Friday, 6 January 2017

Bethesda's Fallouts just aren't that S.P.E.C.I.A.L.

The original Fallout is one of the earliest games I've ever played. I was about six when it came out and it made up a pretty important part of my childhood. If I was asked to name my all-time favourite game,  Fallout would instantly enter the conversation. What makes Fallout so special for me is its S.P.E.C.I.A.L. stat system. 

Fallout adopted GURPS – Generic Universal Role Playing System – by Steve Jackson Games and moulded it to its own needs. At its very core, S.P.E.C.I.A.L is made up of stats: Strength, Perception, Endurance, Charisma, Intelligence, Agility and Luck. These stats are set at the very beginning of the game and are permanent. The player is given 40 points to distribute among these stats with values between one and ten. It all seems pretty straight forward until you realise just how much of an impact your decision here makes. Low Luck will make guns blow up in your face. Low Agility will make you drop your weapons through clumsiness. Low Perception will make you borderline blind. Low Intelligence will make you not sentence good. If you thought picking your starter Pokémon was tough, try building a Fallout character you're happy with. 
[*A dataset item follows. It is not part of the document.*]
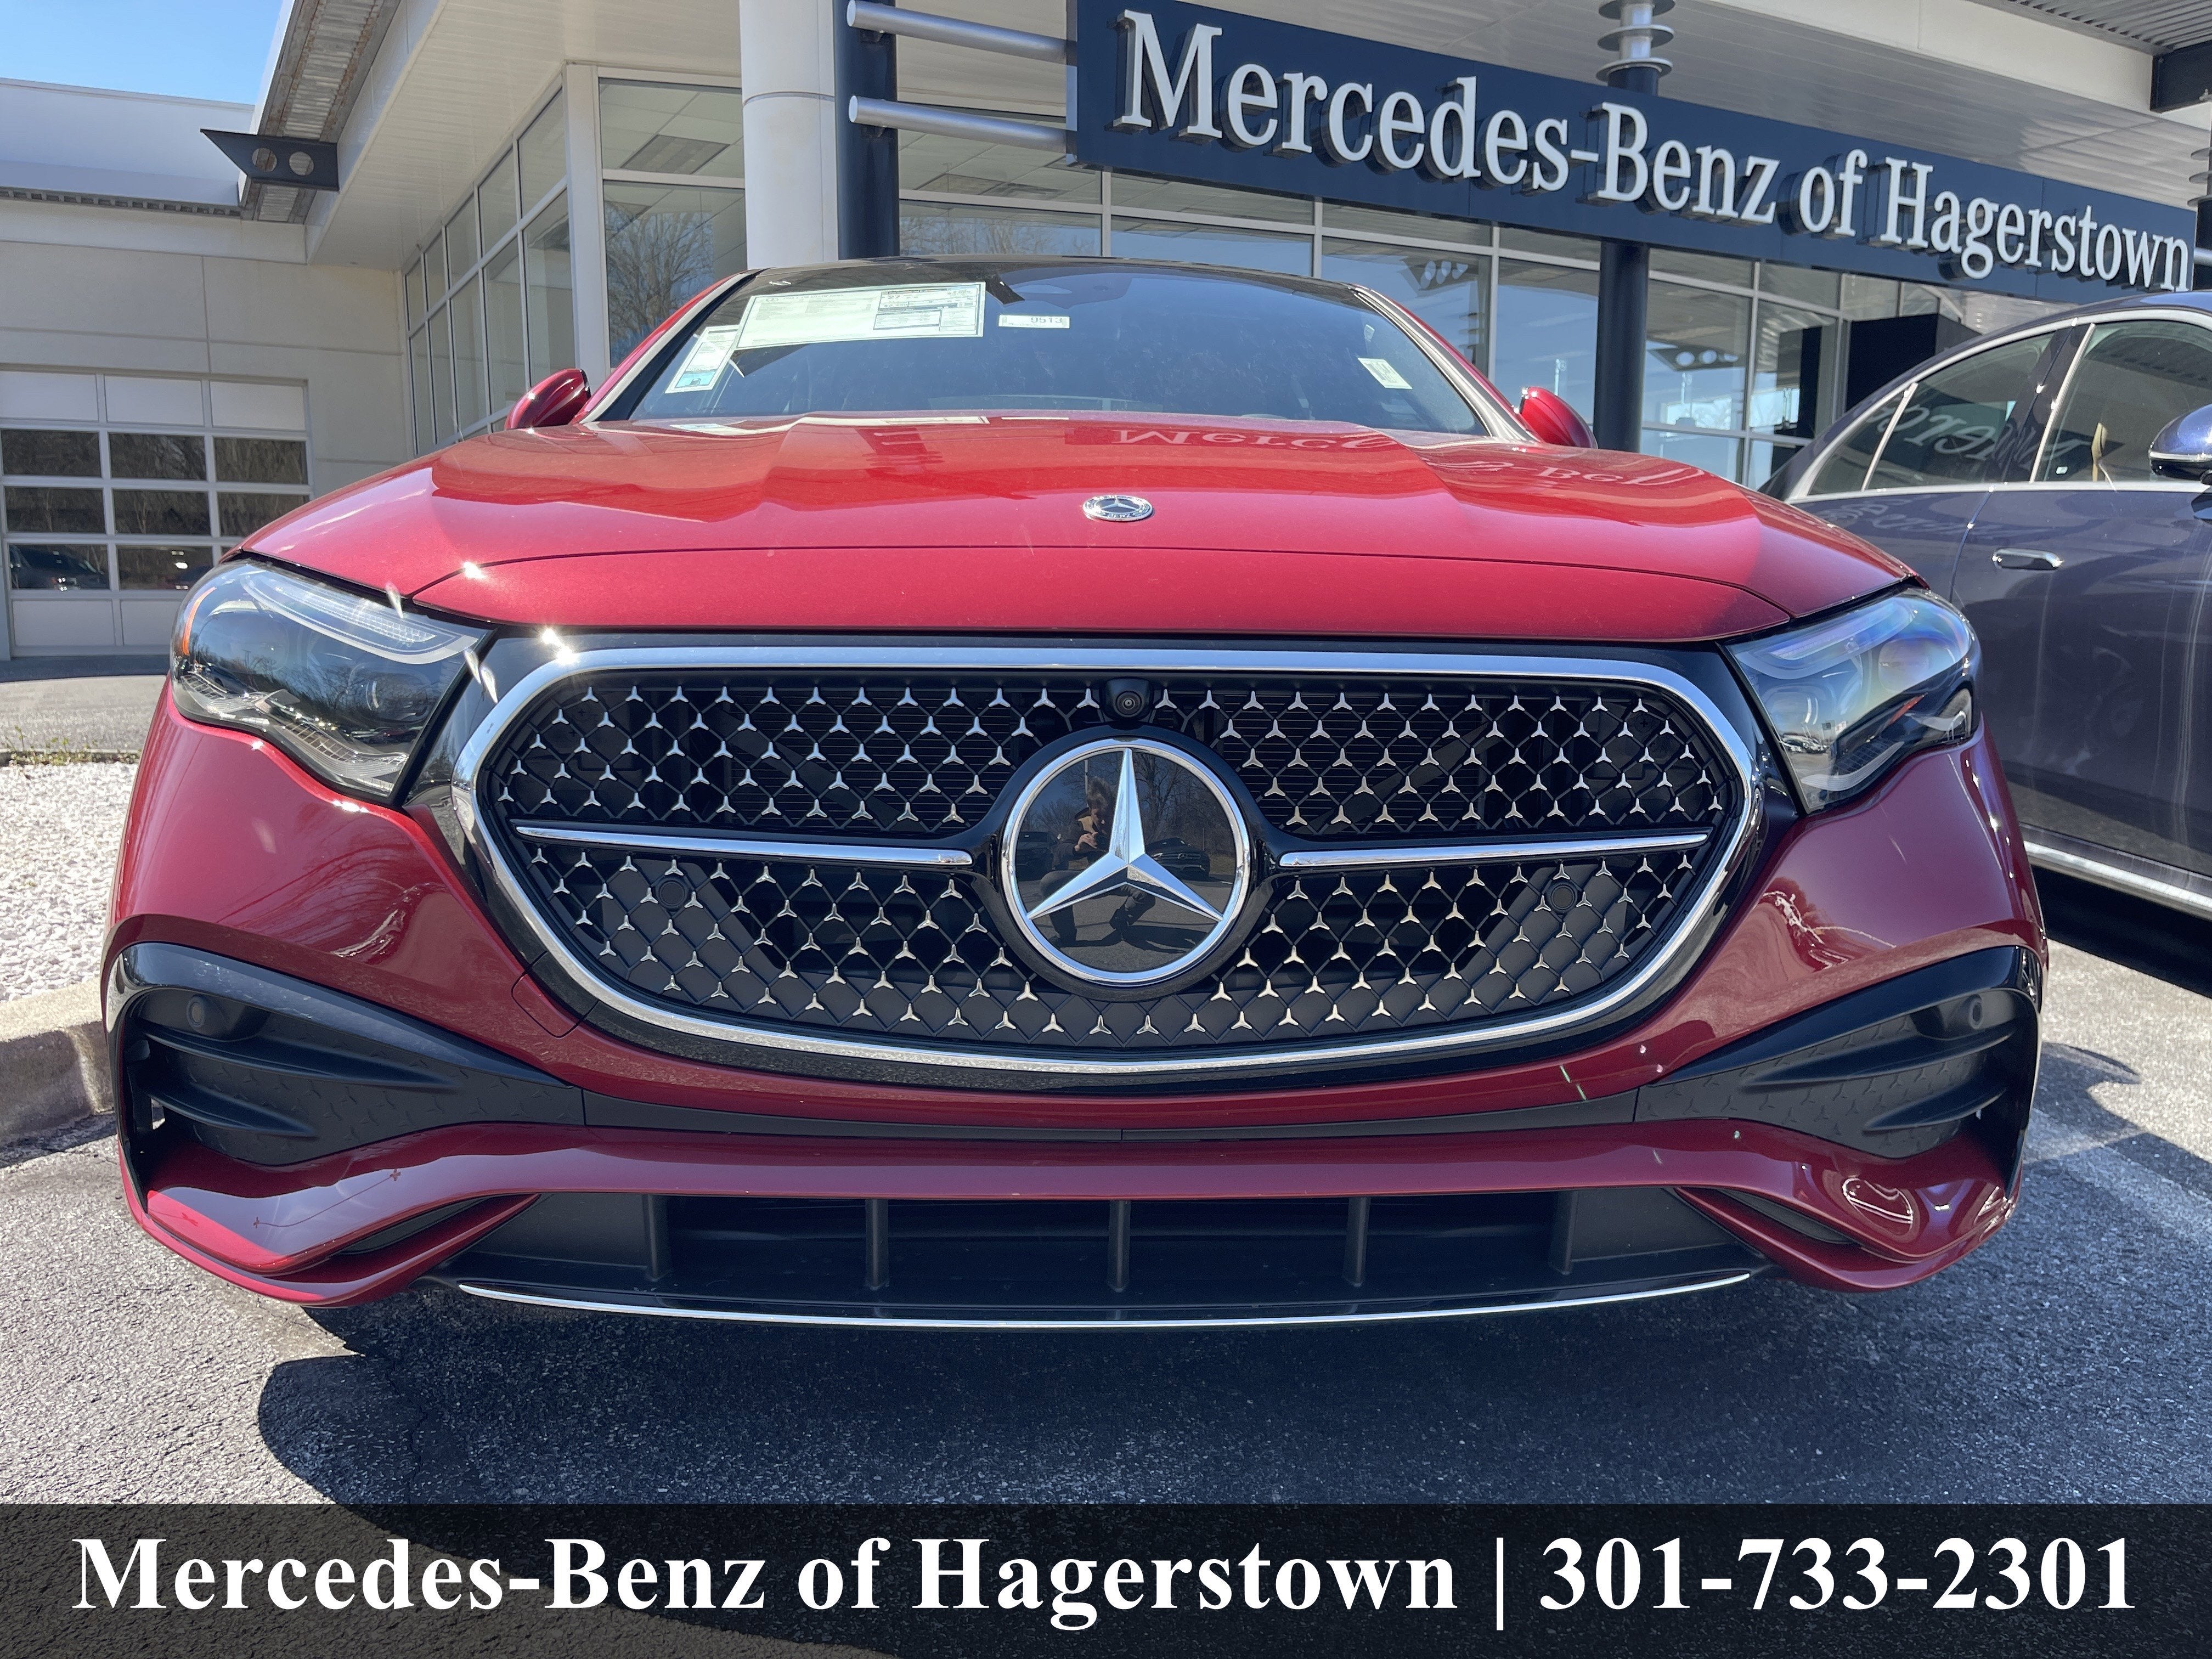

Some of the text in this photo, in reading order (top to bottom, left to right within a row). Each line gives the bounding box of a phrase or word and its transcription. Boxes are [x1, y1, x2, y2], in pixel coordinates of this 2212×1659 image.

[1113, 9, 2190, 292] Mercedes-Benz of Hagerstown
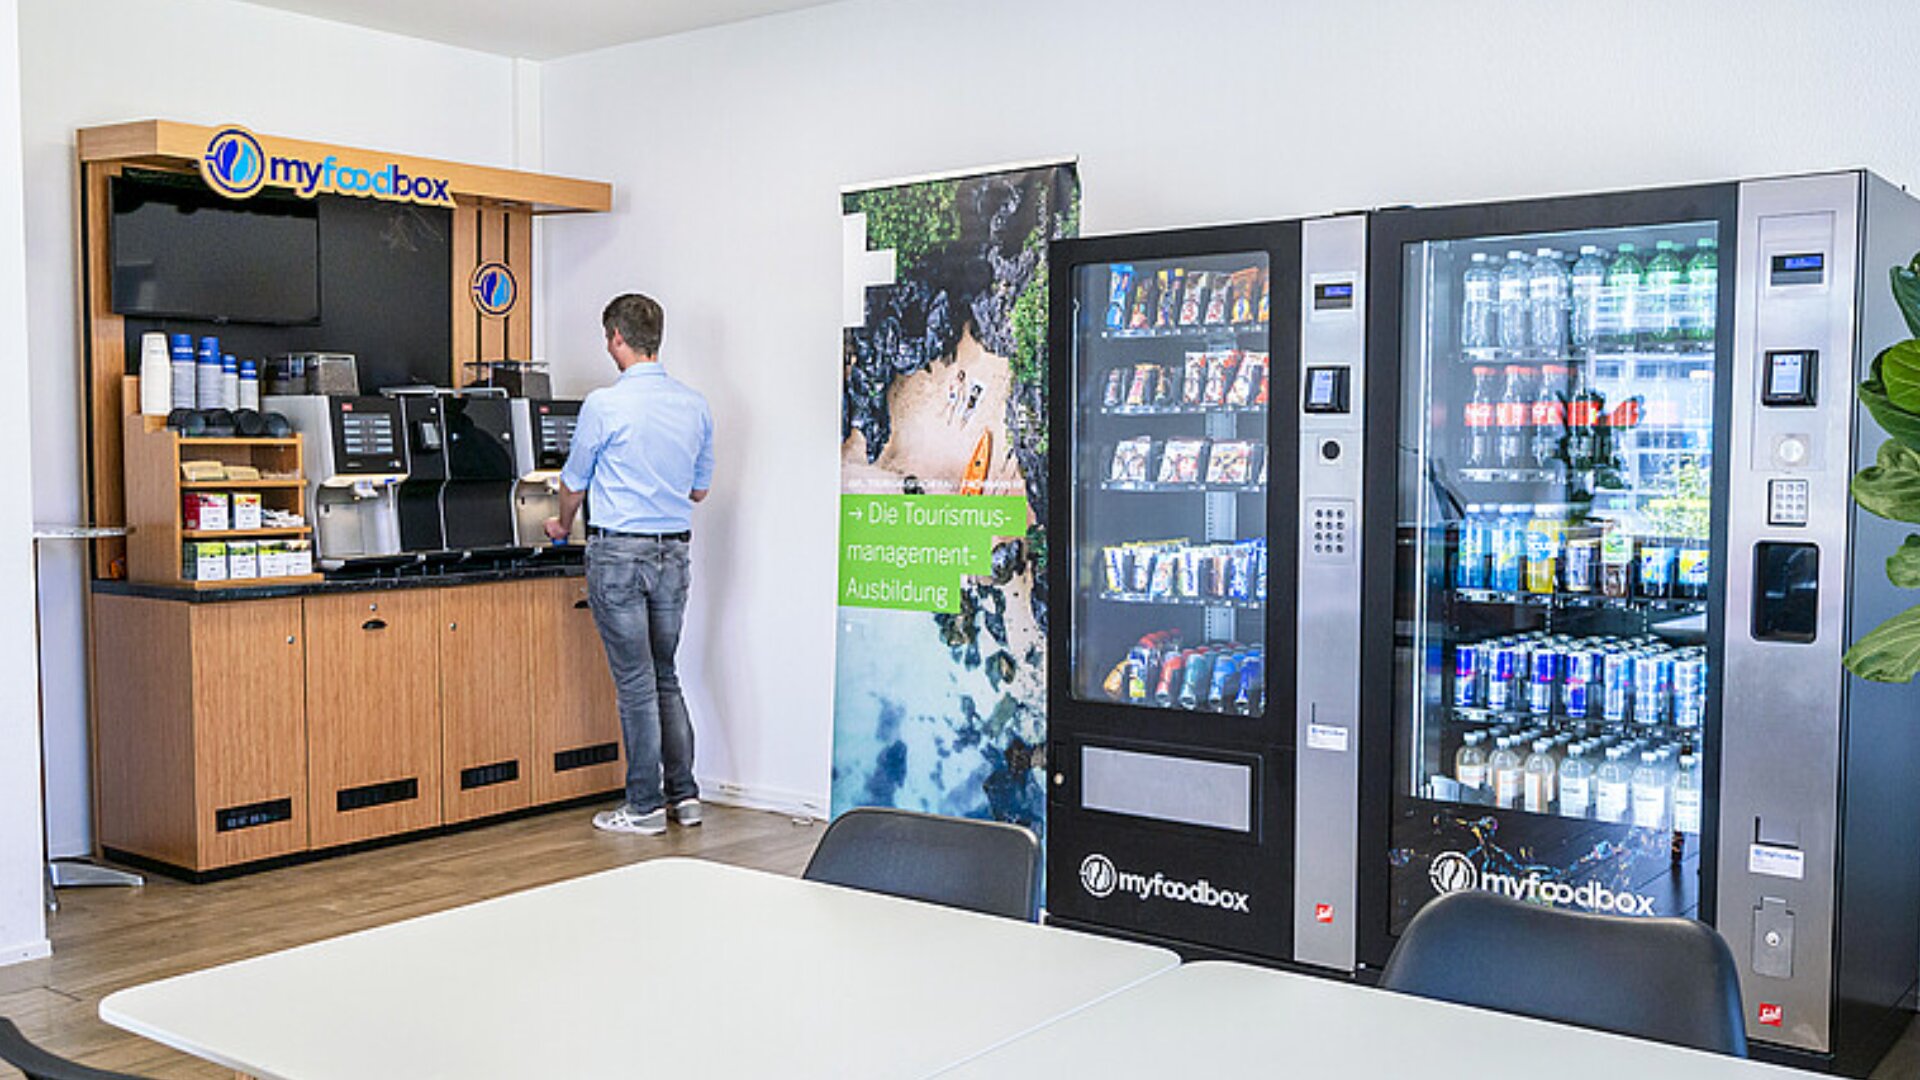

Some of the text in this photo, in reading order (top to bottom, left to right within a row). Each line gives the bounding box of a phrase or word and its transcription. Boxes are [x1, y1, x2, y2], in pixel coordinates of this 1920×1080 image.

Of course, experienced players have found optimal builds and there are secret ways of improving certain stats during the course of the game, but 'dumb' playthroughs are still incredibly popular. S.P.E.C.I.A.L not only lets you build a character, it lets you role-play. With low Endurance your character will be more susceptible to addiction but the points you free up can go into Intelligence and Perception and you can role play a post-apocalyptic Gregory House or Rick Sanchez. On your first go you're likely to try building an all-rounder who ends up being really mediocre or unknowingly force yourself into a specialisation with practically your first choice of the game. And that's great - it offers a different challenge. But then Bethesda got their hands on the franchise. 

I was actually a big proponent of Fallout 3 becoming a First Person Action RPG, it was the most logical place for the franchise to go, especially with Bethesda involved. I remember a lot of people worrying about Fallout 3 being "Oblivion with guns" at the time and my rebuttal of that worry always involved S.P.E.C.I.A.L. Little was I to know that what has always been a massive and much loved feature would be revamped the way Bethesda has been revamping its Elder Scrolls series - by trimming. 

Where in the first two Fallouts your stats built a foundation for who your character is in a meaningful, often obscure way, Bethesda's Fallouts have a much more mundane attitude towards them. You occasionally might get a strength or intelligence check in the game but those are telegraphed along with the needed stat points. Mostly, Intelligence gives more skill points at level up, Strength lets you carry more, Agility gives you more action points for V.A.T.S. It's all predictable and unimaginative. It's boring. The joy of Fallout no longer comes from playing a character, only from meeting characters and 'doing stuff', removing much of the role-playing the game was so good at. 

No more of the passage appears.